Bioinspired chiral iron(II) complex [((R)-(−)-N4Py*)FeII(CH3CN)]2+ (1) (N4Py* = N,N-bis(2-pyridylmethyl)-1,2-di(2-pyridyl)ethylamine) has been shown to efficiently catalyze the benzylic CH oxidation of ethylbenzene with tert-butyl hydroperoxide (TBHP), H2O2, and meta-chloroperoxybenzoic acid (mCPBA) resulting in enantiomerically enriched 1-phenylethanol up to 12.5% ee and the corresponding acetophenone, where the [FeIV(N4Py*)(O)]2+ (2) intermediate has been detected by UV/Vis spectrometry.
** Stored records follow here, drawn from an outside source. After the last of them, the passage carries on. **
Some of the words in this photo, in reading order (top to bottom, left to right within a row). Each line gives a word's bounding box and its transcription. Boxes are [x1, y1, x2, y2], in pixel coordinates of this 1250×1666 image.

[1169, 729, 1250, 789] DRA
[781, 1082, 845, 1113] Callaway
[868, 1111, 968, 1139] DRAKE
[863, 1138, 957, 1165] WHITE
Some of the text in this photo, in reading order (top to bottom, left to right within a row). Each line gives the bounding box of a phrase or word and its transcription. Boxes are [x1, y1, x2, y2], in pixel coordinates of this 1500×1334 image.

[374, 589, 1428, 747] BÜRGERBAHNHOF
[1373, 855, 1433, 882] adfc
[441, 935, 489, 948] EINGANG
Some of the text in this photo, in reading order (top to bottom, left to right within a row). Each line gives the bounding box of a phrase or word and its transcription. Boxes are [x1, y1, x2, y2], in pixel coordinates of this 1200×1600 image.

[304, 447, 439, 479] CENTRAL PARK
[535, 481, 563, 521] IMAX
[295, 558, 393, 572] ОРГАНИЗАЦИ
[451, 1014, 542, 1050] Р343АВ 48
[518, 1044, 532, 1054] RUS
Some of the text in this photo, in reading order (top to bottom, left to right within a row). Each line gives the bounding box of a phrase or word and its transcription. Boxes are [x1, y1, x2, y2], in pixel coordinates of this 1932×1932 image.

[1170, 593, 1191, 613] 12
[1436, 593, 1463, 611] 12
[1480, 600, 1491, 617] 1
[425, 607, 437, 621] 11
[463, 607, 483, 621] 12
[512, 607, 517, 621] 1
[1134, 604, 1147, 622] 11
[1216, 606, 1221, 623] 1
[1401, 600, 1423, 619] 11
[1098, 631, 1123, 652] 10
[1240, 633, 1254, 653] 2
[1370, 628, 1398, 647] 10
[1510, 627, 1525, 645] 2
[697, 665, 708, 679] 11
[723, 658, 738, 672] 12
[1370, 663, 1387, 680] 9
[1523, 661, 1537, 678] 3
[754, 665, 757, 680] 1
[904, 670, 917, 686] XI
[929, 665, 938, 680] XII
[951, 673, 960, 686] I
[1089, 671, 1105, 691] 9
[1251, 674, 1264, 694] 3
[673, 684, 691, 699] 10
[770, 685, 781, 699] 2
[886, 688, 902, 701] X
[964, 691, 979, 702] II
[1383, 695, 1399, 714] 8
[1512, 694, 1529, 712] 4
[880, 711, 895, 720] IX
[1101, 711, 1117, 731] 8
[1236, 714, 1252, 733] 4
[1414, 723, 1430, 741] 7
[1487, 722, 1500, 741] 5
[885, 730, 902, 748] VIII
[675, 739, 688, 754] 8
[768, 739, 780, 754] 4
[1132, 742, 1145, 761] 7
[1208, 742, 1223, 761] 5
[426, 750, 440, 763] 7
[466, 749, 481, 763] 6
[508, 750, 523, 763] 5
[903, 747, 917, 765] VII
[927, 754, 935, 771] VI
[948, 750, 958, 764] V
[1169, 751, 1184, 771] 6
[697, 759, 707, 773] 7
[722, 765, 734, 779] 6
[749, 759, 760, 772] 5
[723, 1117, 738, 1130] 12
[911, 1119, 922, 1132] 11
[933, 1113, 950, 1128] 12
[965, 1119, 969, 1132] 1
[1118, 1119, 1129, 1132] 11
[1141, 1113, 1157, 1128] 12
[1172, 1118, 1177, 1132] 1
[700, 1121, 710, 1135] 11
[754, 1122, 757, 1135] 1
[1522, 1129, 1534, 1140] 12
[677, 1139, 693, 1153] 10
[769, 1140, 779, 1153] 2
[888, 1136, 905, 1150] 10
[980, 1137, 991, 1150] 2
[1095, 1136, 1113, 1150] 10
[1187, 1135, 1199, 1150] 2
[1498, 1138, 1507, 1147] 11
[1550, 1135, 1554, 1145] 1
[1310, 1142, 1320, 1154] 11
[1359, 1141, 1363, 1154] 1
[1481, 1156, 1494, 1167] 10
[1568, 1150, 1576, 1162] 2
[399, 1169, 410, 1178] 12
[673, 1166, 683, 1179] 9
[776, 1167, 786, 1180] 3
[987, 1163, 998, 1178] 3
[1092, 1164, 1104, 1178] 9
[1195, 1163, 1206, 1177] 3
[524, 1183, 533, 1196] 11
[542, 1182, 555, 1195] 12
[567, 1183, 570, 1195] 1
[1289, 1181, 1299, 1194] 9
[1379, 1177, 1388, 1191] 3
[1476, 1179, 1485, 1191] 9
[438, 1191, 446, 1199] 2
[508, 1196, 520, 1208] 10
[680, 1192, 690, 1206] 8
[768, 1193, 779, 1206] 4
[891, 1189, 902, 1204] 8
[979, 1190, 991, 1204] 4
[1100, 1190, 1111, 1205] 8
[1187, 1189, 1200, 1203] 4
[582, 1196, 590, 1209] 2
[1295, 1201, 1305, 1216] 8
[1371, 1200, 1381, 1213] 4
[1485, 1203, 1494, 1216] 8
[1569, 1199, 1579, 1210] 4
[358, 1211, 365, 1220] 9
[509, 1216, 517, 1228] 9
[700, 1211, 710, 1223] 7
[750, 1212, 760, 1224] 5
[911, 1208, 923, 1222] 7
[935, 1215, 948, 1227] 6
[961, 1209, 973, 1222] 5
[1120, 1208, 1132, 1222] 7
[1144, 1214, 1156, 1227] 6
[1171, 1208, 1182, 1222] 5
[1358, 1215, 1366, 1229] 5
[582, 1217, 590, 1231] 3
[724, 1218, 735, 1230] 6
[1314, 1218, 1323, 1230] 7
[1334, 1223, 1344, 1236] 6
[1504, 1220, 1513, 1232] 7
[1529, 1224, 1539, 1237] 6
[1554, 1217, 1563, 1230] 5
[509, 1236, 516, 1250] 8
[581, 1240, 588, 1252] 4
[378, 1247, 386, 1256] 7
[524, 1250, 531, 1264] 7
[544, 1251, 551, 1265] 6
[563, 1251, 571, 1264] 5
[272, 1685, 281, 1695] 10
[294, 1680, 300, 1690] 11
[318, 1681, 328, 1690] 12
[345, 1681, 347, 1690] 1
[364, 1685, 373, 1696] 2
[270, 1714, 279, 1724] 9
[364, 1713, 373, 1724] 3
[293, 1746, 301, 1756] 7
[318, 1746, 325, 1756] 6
The stoichiometric oxidation of benzyl alcohol and various hydrocarbon derivatives including the asymmetric hydroxylation of ethylbenzene with 2 has also been investigated. Detailed kinetic, and mechanistic studies (kinetic isotop effect (KIE) of 31 and 38, and Hammett correlation with ρ = −0.32 and −0.98 for PhCH2OH and PhCH3, respectively, and the linear correlation between the normalized bimolecular reaction rates and bond dissociation energies (BDECH)) lead to the conclusion that the rate-determining step in these reactions above involves hydrogen-atom transfer between the substrate and the Fe(IV)-oxo species. The stoichiometric 2-mediated hydroxylation of ethylbenzene affords 1-phenylethanol in up to 33% ee, suggesting clear evidence for the involvement of the oxoiron(IV) species in the enantioselective step. The moderate enantioselectivity may be explained by the epimerization of the long-lived substrate radical before the rebound step (non-rebound mechanism, where kep > kreb). The kinetic resolution of the resulting chiral alcohol due to its metal-based overoxidation process into acetophenone in the catalytic metal-based ethylbenzene oxidation can be excluded.